▶ Work to be completed
Lines before the one containing "this 2000×1500 image." are left out; return that line and all lines after it, exactly, through the end of the records below.

======== Provided data

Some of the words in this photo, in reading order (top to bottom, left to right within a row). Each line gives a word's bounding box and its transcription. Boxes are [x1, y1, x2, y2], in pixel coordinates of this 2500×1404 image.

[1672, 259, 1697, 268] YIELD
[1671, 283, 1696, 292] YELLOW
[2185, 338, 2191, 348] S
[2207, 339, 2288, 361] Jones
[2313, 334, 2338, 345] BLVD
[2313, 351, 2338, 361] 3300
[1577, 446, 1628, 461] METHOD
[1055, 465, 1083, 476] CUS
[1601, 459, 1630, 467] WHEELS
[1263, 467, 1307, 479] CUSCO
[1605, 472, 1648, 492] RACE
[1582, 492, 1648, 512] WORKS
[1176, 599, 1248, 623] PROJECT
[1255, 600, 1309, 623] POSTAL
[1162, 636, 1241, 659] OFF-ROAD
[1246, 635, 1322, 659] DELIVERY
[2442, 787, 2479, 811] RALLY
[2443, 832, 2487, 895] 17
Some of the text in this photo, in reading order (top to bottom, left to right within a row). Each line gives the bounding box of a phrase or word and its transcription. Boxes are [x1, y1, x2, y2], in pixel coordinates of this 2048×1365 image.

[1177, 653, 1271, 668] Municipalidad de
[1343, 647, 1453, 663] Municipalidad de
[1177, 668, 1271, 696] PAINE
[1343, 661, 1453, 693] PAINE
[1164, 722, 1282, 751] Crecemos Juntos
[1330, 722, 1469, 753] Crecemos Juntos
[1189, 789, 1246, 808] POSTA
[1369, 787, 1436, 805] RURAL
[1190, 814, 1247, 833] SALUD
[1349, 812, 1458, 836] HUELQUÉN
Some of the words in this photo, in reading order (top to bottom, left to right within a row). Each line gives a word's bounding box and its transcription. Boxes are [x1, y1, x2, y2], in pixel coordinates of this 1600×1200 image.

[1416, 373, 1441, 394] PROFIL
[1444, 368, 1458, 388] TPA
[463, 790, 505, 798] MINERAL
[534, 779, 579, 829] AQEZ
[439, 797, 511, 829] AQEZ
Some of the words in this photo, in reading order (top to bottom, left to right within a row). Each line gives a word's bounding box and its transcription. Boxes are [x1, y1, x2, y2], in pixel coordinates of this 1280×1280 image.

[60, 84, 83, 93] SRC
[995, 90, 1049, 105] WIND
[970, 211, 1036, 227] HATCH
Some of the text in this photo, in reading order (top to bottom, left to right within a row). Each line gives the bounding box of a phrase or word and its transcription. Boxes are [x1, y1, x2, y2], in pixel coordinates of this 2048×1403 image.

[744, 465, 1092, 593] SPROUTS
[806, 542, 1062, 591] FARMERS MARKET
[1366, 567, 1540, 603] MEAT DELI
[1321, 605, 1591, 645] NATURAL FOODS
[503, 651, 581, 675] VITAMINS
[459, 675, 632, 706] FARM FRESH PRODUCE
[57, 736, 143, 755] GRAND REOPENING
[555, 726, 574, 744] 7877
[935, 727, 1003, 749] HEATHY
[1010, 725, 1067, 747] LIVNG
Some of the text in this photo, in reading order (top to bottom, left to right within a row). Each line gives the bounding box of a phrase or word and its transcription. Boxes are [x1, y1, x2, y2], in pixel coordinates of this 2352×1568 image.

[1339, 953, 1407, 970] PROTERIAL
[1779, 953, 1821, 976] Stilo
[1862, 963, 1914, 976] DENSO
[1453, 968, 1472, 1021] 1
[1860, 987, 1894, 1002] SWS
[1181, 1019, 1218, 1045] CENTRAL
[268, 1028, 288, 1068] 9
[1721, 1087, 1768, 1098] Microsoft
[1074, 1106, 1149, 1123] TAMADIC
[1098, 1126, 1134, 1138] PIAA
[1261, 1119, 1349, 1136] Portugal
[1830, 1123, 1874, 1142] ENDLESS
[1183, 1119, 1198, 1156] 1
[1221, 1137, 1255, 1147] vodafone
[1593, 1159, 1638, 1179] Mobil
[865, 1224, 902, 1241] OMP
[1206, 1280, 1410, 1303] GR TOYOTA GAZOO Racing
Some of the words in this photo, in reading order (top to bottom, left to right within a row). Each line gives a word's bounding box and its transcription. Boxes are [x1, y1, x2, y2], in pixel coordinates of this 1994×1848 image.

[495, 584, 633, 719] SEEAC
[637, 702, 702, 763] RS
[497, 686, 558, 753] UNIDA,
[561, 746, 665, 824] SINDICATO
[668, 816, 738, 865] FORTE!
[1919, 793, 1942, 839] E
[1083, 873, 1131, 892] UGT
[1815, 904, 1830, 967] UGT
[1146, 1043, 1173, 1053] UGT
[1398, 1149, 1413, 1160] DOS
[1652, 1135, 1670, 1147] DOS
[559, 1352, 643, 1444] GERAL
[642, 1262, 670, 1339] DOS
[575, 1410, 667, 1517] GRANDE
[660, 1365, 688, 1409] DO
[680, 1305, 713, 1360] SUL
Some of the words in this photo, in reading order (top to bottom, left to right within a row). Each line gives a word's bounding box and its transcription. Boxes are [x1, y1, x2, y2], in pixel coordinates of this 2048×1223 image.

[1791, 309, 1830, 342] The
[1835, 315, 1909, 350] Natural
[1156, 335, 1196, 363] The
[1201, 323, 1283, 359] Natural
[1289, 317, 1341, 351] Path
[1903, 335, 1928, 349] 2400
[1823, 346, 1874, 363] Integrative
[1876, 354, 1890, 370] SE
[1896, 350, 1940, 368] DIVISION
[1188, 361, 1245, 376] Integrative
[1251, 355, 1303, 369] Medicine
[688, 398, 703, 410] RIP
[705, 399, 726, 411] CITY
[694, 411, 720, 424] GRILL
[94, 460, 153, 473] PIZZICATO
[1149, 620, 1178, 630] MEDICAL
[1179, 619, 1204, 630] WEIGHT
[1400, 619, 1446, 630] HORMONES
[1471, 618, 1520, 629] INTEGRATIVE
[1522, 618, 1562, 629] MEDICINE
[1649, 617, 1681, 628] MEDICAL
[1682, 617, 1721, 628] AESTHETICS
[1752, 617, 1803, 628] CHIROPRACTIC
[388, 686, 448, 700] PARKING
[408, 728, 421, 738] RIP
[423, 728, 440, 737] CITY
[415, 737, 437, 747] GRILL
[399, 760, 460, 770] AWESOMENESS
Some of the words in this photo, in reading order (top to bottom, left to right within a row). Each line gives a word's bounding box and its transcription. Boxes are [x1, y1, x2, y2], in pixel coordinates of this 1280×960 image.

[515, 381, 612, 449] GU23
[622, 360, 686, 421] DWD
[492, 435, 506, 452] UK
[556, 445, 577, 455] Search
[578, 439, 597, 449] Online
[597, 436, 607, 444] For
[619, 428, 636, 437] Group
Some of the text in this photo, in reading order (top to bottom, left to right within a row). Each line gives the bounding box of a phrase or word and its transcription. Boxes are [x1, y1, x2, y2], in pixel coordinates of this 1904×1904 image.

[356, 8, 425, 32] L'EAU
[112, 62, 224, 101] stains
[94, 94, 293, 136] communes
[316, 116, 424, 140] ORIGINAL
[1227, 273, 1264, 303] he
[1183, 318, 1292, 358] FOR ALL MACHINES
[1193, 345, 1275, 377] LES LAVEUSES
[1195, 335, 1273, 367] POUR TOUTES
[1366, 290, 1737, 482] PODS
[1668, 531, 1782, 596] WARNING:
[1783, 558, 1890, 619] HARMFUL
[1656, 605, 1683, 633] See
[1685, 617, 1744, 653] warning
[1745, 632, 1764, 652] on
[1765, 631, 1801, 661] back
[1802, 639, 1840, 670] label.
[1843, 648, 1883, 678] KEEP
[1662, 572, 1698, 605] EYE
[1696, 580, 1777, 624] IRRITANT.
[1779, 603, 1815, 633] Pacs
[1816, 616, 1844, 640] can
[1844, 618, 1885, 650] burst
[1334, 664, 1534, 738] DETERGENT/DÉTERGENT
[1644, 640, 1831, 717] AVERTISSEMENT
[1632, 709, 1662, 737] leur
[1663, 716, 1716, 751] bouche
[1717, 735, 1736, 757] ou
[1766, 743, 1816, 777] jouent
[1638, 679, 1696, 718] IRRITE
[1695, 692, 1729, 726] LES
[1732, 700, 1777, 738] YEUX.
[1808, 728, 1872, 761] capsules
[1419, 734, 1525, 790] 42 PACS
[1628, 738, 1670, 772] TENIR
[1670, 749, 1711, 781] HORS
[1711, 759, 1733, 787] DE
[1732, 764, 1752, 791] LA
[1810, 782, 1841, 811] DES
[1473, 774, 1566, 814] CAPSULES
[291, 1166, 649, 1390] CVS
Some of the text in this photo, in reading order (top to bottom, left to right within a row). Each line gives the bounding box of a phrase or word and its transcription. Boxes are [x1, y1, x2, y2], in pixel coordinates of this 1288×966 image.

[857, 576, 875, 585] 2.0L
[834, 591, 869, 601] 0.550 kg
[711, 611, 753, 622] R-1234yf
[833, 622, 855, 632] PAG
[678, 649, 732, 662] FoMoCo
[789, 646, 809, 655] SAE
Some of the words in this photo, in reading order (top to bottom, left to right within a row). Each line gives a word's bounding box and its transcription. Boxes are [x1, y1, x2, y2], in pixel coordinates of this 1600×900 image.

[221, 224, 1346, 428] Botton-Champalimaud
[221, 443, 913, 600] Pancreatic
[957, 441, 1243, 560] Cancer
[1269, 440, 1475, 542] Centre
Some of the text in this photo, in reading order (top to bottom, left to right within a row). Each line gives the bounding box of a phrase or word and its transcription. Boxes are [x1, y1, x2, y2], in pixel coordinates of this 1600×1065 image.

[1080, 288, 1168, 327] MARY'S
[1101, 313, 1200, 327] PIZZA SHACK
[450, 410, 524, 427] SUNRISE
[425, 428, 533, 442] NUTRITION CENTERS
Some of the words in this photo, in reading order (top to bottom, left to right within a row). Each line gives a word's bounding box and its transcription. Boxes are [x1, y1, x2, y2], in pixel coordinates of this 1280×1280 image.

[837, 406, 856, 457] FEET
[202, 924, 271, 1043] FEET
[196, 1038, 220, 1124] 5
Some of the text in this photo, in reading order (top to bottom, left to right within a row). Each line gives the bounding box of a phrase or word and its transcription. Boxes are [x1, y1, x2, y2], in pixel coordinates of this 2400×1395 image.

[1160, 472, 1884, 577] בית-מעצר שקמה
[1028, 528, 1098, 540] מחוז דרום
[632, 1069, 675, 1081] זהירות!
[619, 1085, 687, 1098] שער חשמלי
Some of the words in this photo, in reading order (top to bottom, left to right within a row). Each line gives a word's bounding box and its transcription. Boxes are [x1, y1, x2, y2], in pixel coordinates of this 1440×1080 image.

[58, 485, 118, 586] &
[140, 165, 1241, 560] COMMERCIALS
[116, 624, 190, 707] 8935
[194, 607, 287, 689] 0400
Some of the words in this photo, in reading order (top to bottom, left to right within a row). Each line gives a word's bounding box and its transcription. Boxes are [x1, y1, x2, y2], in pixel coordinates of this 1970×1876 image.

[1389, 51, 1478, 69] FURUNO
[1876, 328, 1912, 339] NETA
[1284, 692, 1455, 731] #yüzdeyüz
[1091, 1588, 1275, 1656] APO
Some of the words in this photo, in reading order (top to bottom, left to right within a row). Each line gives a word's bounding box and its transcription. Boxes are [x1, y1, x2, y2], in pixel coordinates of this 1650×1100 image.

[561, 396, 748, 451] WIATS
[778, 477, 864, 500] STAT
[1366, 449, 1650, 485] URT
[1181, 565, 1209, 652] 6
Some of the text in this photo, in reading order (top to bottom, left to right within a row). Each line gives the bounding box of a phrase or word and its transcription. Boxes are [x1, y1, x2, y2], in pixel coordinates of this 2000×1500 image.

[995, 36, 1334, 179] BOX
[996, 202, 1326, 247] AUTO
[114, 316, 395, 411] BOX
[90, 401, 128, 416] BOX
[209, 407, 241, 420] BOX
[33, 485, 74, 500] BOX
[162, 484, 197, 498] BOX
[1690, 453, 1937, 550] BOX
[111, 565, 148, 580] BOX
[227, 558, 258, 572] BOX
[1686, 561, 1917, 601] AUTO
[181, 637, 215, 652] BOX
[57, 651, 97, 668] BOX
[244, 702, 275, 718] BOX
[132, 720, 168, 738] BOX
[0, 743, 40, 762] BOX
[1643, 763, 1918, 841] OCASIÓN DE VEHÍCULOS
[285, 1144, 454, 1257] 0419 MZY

================

▶ Output for this task
Some of the text in this photo, in reading order (top to bottom, left to right within a row). Each line gives the bounding box of a phrase or word and its transcription. Boxes are [x1, y1, x2, y2], in pixel coordinates of this 2000×1500 image.

[995, 36, 1334, 179] BOX
[996, 202, 1326, 247] AUTO
[114, 316, 395, 411] BOX
[90, 401, 128, 416] BOX
[209, 407, 241, 420] BOX
[33, 485, 74, 500] BOX
[162, 484, 197, 498] BOX
[1690, 453, 1937, 550] BOX
[111, 565, 148, 580] BOX
[227, 558, 258, 572] BOX
[1686, 561, 1917, 601] AUTO
[181, 637, 215, 652] BOX
[57, 651, 97, 668] BOX
[244, 702, 275, 718] BOX
[132, 720, 168, 738] BOX
[0, 743, 40, 762] BOX
[1643, 763, 1918, 841] OCASIÓN DE VEHÍCULOS
[285, 1144, 454, 1257] 0419 MZY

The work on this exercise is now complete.